*WHAT YOU SHOULD DO*. Please output all of the entries exactly and omit any images they hold.

--- START ---

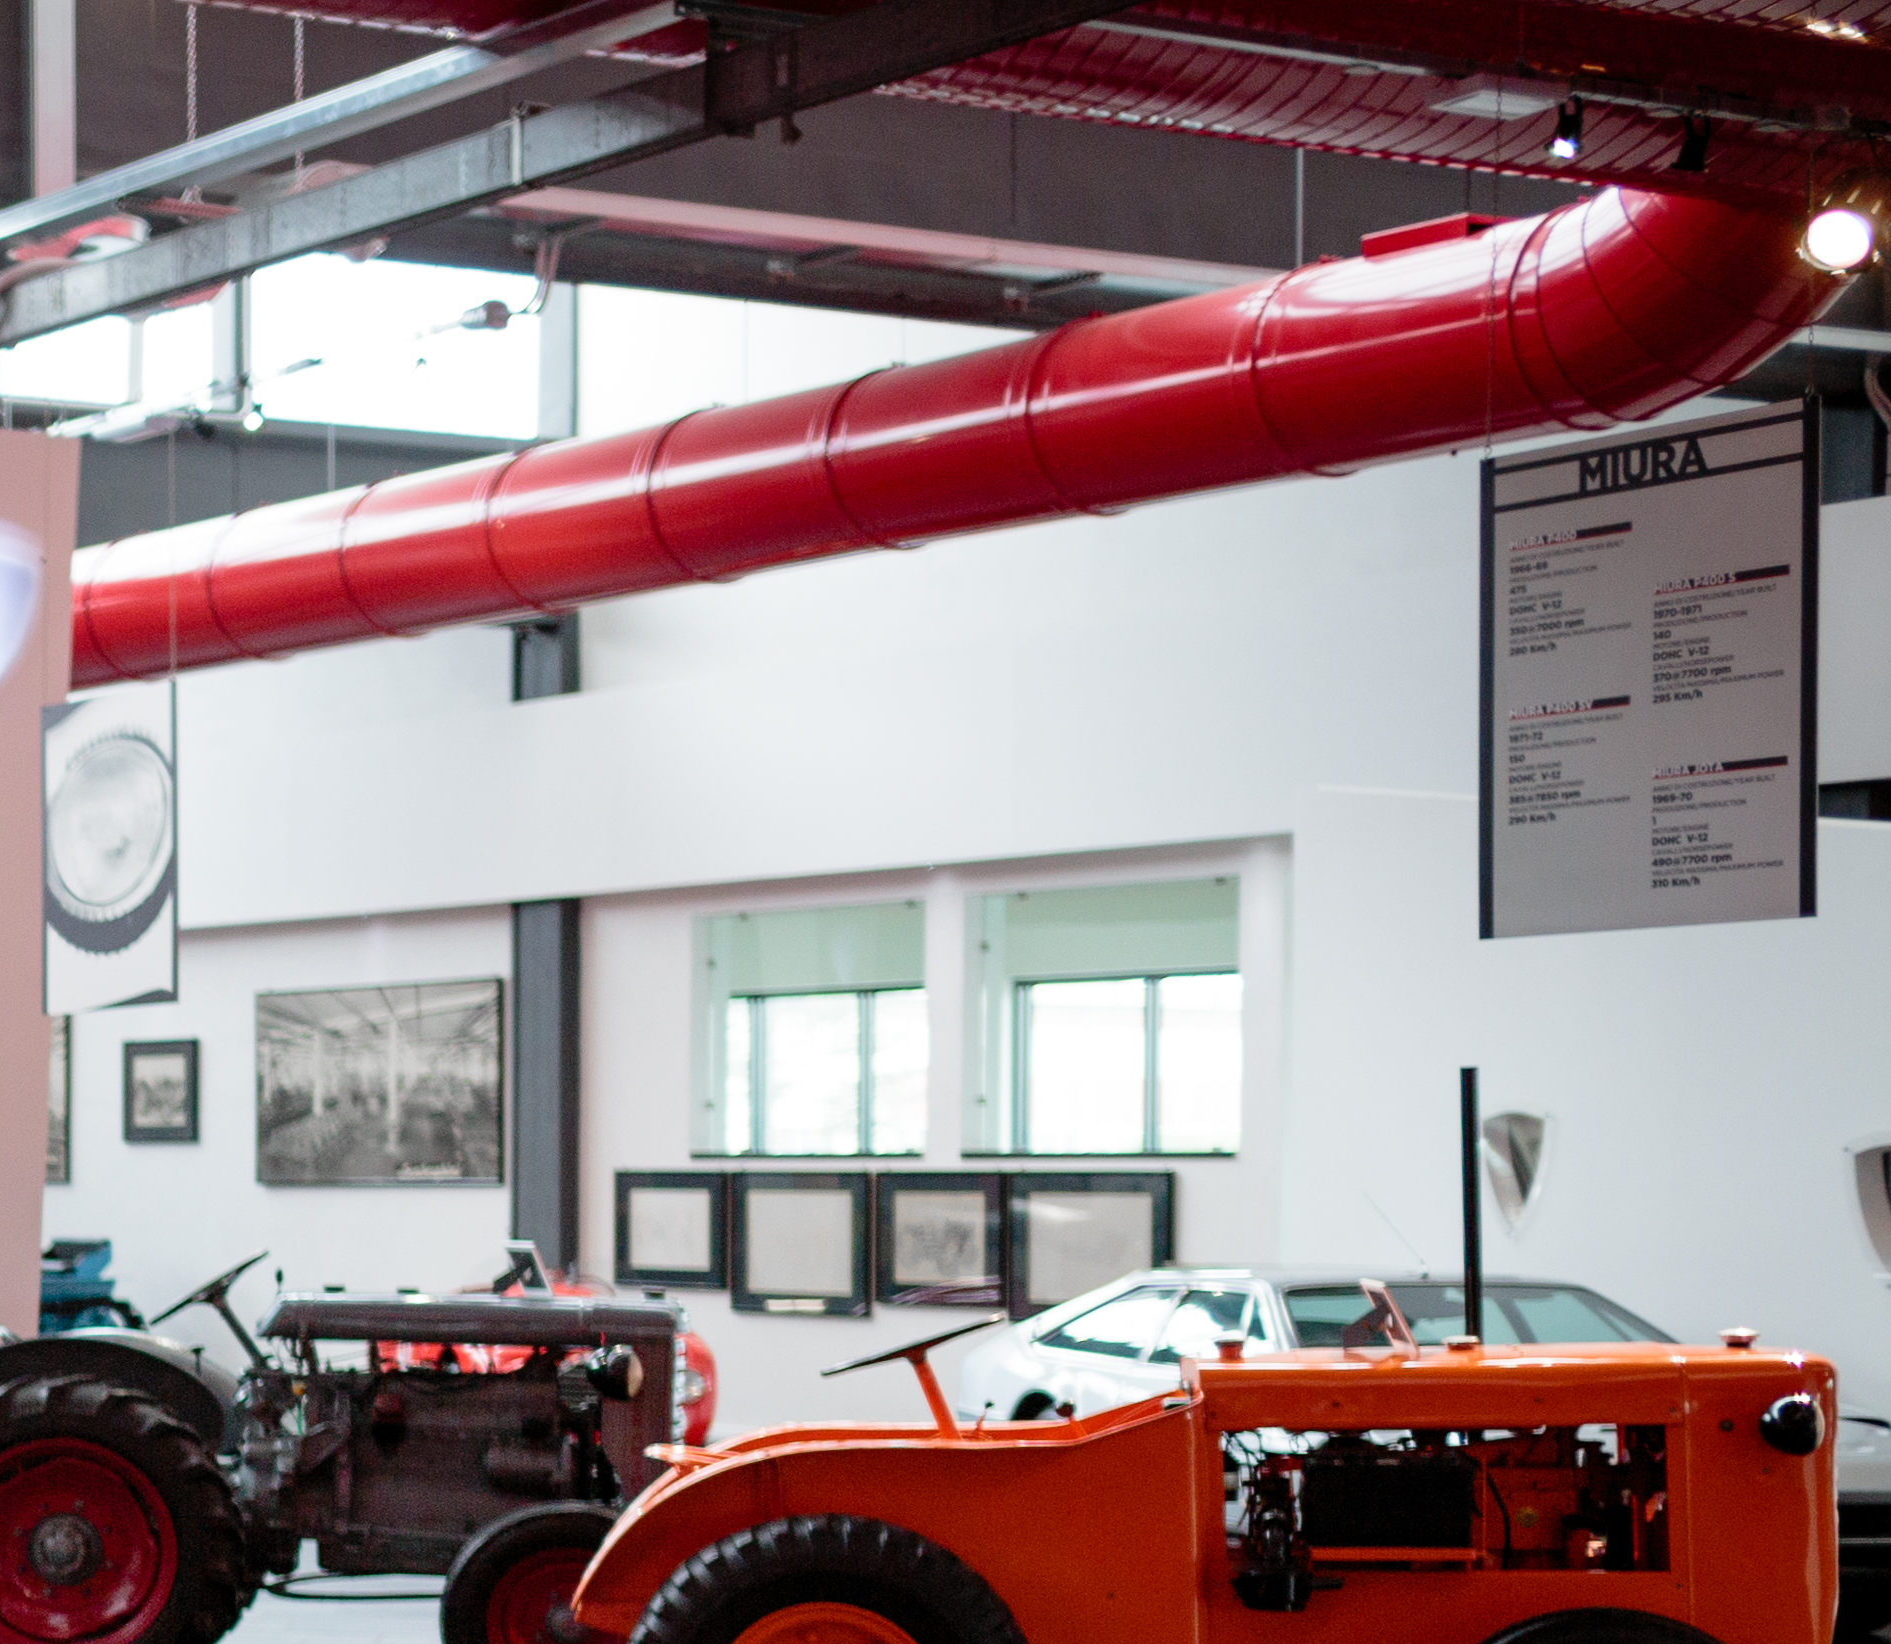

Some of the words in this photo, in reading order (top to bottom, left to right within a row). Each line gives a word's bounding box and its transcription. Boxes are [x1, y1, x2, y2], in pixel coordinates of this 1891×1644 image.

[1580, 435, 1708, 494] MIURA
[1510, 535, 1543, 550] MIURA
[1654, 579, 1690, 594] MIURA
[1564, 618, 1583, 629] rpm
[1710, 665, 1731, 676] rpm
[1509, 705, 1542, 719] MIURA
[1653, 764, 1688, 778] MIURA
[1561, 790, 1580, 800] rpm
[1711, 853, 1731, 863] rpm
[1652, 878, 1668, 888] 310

--- END ---

*EXERCISE SOLUTION*.
Some of the words in this photo, in reading order (top to bottom, left to right within a row). Each line gives a word's bounding box and its transcription. Boxes are [x1, y1, x2, y2], in pixel coordinates of this 1891×1644 image.

[1580, 435, 1708, 494] MIURA
[1510, 535, 1543, 550] MIURA
[1654, 579, 1690, 594] MIURA
[1564, 618, 1583, 629] rpm
[1710, 665, 1731, 676] rpm
[1509, 705, 1542, 719] MIURA
[1653, 764, 1688, 778] MIURA
[1561, 790, 1580, 800] rpm
[1711, 853, 1731, 863] rpm
[1652, 878, 1668, 888] 310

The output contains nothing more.